| What you need to do |
Copy out the entries exactly. Print them in full.

| Supplied records |
________________________
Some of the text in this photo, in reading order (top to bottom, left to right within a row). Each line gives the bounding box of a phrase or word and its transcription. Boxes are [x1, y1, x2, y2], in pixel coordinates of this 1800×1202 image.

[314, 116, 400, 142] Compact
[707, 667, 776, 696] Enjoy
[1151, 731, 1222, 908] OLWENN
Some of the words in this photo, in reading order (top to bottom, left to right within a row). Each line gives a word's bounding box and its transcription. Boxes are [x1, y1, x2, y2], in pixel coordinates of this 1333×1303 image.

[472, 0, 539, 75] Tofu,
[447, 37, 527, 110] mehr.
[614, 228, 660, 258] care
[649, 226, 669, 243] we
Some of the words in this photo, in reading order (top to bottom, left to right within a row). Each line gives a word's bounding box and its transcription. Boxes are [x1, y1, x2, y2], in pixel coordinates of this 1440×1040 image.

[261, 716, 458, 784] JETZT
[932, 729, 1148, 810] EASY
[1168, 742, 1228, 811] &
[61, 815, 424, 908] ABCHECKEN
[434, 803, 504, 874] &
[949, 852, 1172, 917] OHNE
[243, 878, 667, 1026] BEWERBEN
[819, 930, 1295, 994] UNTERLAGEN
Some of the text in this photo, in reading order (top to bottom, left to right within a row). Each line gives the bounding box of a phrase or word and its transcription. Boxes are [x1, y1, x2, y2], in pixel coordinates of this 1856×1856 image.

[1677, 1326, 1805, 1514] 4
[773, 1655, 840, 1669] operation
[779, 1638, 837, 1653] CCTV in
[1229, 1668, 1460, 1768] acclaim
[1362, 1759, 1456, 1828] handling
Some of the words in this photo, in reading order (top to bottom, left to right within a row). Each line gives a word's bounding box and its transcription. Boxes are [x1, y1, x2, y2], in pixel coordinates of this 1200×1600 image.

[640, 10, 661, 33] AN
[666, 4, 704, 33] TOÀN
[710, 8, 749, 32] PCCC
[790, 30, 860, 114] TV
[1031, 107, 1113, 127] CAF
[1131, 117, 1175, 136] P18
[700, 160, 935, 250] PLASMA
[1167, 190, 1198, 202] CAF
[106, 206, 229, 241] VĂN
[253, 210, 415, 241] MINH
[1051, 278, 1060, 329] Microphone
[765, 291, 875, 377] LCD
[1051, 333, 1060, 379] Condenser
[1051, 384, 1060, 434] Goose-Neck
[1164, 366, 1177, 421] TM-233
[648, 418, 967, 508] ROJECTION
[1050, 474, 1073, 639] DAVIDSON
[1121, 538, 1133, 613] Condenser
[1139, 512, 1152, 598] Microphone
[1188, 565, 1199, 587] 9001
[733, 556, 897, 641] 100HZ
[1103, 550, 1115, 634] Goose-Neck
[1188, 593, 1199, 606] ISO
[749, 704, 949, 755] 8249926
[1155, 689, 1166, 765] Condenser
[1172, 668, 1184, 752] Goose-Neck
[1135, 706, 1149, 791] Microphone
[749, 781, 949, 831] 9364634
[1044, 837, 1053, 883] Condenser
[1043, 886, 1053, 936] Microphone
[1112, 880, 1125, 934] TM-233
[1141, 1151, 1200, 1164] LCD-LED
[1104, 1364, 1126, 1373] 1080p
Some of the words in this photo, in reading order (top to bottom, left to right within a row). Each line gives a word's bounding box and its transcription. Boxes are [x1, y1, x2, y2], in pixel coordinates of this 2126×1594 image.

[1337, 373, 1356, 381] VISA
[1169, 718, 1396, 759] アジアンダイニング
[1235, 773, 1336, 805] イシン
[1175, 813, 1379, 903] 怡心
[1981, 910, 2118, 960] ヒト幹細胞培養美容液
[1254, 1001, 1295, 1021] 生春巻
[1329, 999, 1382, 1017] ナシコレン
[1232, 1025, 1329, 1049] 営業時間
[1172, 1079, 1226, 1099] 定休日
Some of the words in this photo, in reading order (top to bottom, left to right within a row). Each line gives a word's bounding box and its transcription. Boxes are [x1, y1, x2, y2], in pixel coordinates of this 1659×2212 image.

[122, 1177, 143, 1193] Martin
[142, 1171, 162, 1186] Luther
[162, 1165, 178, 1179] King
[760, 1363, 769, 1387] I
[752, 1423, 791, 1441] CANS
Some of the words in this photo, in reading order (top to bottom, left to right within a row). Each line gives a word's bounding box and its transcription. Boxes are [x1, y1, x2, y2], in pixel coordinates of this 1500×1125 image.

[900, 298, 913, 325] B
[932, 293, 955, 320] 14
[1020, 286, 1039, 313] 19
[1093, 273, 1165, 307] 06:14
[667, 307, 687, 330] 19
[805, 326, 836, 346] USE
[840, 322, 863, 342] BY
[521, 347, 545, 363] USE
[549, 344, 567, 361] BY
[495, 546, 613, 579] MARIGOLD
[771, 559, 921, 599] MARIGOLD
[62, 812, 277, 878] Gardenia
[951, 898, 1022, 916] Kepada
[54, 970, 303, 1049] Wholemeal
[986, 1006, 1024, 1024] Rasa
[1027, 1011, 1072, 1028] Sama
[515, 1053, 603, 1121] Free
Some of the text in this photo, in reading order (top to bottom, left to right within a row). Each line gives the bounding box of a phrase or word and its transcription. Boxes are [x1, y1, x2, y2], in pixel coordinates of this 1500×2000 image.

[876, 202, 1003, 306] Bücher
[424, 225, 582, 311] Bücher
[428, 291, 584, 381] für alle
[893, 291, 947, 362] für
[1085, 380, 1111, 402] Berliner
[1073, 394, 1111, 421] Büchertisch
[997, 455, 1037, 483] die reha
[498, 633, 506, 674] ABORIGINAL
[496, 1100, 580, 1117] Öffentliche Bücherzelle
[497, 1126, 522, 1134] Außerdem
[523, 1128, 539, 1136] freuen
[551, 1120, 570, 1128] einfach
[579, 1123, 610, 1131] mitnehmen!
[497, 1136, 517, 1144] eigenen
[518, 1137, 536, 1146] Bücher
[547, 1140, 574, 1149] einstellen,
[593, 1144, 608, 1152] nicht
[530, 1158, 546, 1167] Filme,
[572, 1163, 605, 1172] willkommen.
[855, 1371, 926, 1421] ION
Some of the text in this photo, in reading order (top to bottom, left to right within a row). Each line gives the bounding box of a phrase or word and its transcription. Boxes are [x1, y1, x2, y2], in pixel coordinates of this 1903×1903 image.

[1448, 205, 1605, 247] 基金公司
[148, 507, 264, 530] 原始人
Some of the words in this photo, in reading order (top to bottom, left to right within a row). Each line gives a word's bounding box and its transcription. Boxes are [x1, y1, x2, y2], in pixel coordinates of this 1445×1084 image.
________________________
| Problem solution |
Some of the text in this photo, in reading order (top to bottom, left to right within a row). Each line gives the bounding box of a phrase or word and its transcription. Boxes are [x1, y1, x2, y2], in pixel coordinates of this 1800×1202 image.

[314, 116, 400, 142] Compact
[707, 667, 776, 696] Enjoy
[1151, 731, 1222, 908] OLWENN
Some of the words in this photo, in reading order (top to bottom, left to right within a row). Each line gives a word's bounding box and its transcription. Boxes are [x1, y1, x2, y2], in pixel coordinates of this 1333×1303 image.

[472, 0, 539, 75] Tofu,
[447, 37, 527, 110] mehr.
[614, 228, 660, 258] care
[649, 226, 669, 243] we
Some of the words in this photo, in reading order (top to bottom, left to right within a row). Each line gives a word's bounding box and its transcription. Boxes are [x1, y1, x2, y2], in pixel coordinates of this 1440×1040 image.

[261, 716, 458, 784] JETZT
[932, 729, 1148, 810] EASY
[1168, 742, 1228, 811] &
[61, 815, 424, 908] ABCHECKEN
[434, 803, 504, 874] &
[949, 852, 1172, 917] OHNE
[243, 878, 667, 1026] BEWERBEN
[819, 930, 1295, 994] UNTERLAGEN
Some of the text in this photo, in reading order (top to bottom, left to right within a row). Each line gives the bounding box of a phrase or word and its transcription. Boxes are [x1, y1, x2, y2], in pixel coordinates of this 1856×1856 image.

[1677, 1326, 1805, 1514] 4
[773, 1655, 840, 1669] operation
[779, 1638, 837, 1653] CCTV in
[1229, 1668, 1460, 1768] acclaim
[1362, 1759, 1456, 1828] handling
Some of the words in this photo, in reading order (top to bottom, left to right within a row). Each line gives a word's bounding box and its transcription. Boxes are [x1, y1, x2, y2], in pixel coordinates of this 1200×1600 image.

[640, 10, 661, 33] AN
[666, 4, 704, 33] TOÀN
[710, 8, 749, 32] PCCC
[790, 30, 860, 114] TV
[1031, 107, 1113, 127] CAF
[1131, 117, 1175, 136] P18
[700, 160, 935, 250] PLASMA
[1167, 190, 1198, 202] CAF
[106, 206, 229, 241] VĂN
[253, 210, 415, 241] MINH
[1051, 278, 1060, 329] Microphone
[765, 291, 875, 377] LCD
[1051, 333, 1060, 379] Condenser
[1051, 384, 1060, 434] Goose-Neck
[1164, 366, 1177, 421] TM-233
[648, 418, 967, 508] ROJECTION
[1050, 474, 1073, 639] DAVIDSON
[1121, 538, 1133, 613] Condenser
[1139, 512, 1152, 598] Microphone
[1188, 565, 1199, 587] 9001
[733, 556, 897, 641] 100HZ
[1103, 550, 1115, 634] Goose-Neck
[1188, 593, 1199, 606] ISO
[749, 704, 949, 755] 8249926
[1155, 689, 1166, 765] Condenser
[1172, 668, 1184, 752] Goose-Neck
[1135, 706, 1149, 791] Microphone
[749, 781, 949, 831] 9364634
[1044, 837, 1053, 883] Condenser
[1043, 886, 1053, 936] Microphone
[1112, 880, 1125, 934] TM-233
[1141, 1151, 1200, 1164] LCD-LED
[1104, 1364, 1126, 1373] 1080p
Some of the words in this photo, in reading order (top to bottom, left to right within a row). Each line gives a word's bounding box and its transcription. Boxes are [x1, y1, x2, y2], in pixel coordinates of this 2126×1594 image.

[1337, 373, 1356, 381] VISA
[1169, 718, 1396, 759] アジアンダイニング
[1235, 773, 1336, 805] イシン
[1175, 813, 1379, 903] 怡心
[1981, 910, 2118, 960] ヒト幹細胞培養美容液
[1254, 1001, 1295, 1021] 生春巻
[1329, 999, 1382, 1017] ナシコレン
[1232, 1025, 1329, 1049] 営業時間
[1172, 1079, 1226, 1099] 定休日
Some of the words in this photo, in reading order (top to bottom, left to right within a row). Each line gives a word's bounding box and its transcription. Boxes are [x1, y1, x2, y2], in pixel coordinates of this 1659×2212 image.

[122, 1177, 143, 1193] Martin
[142, 1171, 162, 1186] Luther
[162, 1165, 178, 1179] King
[760, 1363, 769, 1387] I
[752, 1423, 791, 1441] CANS
Some of the words in this photo, in reading order (top to bottom, left to right within a row). Each line gives a word's bounding box and its transcription. Boxes are [x1, y1, x2, y2], in pixel coordinates of this 1500×1125 image.

[900, 298, 913, 325] B
[932, 293, 955, 320] 14
[1020, 286, 1039, 313] 19
[1093, 273, 1165, 307] 06:14
[667, 307, 687, 330] 19
[805, 326, 836, 346] USE
[840, 322, 863, 342] BY
[521, 347, 545, 363] USE
[549, 344, 567, 361] BY
[495, 546, 613, 579] MARIGOLD
[771, 559, 921, 599] MARIGOLD
[62, 812, 277, 878] Gardenia
[951, 898, 1022, 916] Kepada
[54, 970, 303, 1049] Wholemeal
[986, 1006, 1024, 1024] Rasa
[1027, 1011, 1072, 1028] Sama
[515, 1053, 603, 1121] Free
Some of the text in this photo, in reading order (top to bottom, left to right within a row). Each line gives the bounding box of a phrase or word and its transcription. Boxes are [x1, y1, x2, y2], in pixel coordinates of this 1500×2000 image.

[876, 202, 1003, 306] Bücher
[424, 225, 582, 311] Bücher
[428, 291, 584, 381] für alle
[893, 291, 947, 362] für
[1085, 380, 1111, 402] Berliner
[1073, 394, 1111, 421] Büchertisch
[997, 455, 1037, 483] die reha
[498, 633, 506, 674] ABORIGINAL
[496, 1100, 580, 1117] Öffentliche Bücherzelle
[497, 1126, 522, 1134] Außerdem
[523, 1128, 539, 1136] freuen
[551, 1120, 570, 1128] einfach
[579, 1123, 610, 1131] mitnehmen!
[497, 1136, 517, 1144] eigenen
[518, 1137, 536, 1146] Bücher
[547, 1140, 574, 1149] einstellen,
[593, 1144, 608, 1152] nicht
[530, 1158, 546, 1167] Filme,
[572, 1163, 605, 1172] willkommen.
[855, 1371, 926, 1421] ION
Some of the text in this photo, in reading order (top to bottom, left to right within a row). Each line gives the bounding box of a phrase or word and its transcription. Boxes are [x1, y1, x2, y2], in pixel coordinates of this 1903×1903 image.

[1448, 205, 1605, 247] 基金公司
[148, 507, 264, 530] 原始人
Some of the words in this photo, in reading order (top to bottom, left to right within a row). Each line gives a word's bounding box and its transcription. Boxes are [x1, y1, x2, y2], in pixel coordinates of this 1445×1084 image.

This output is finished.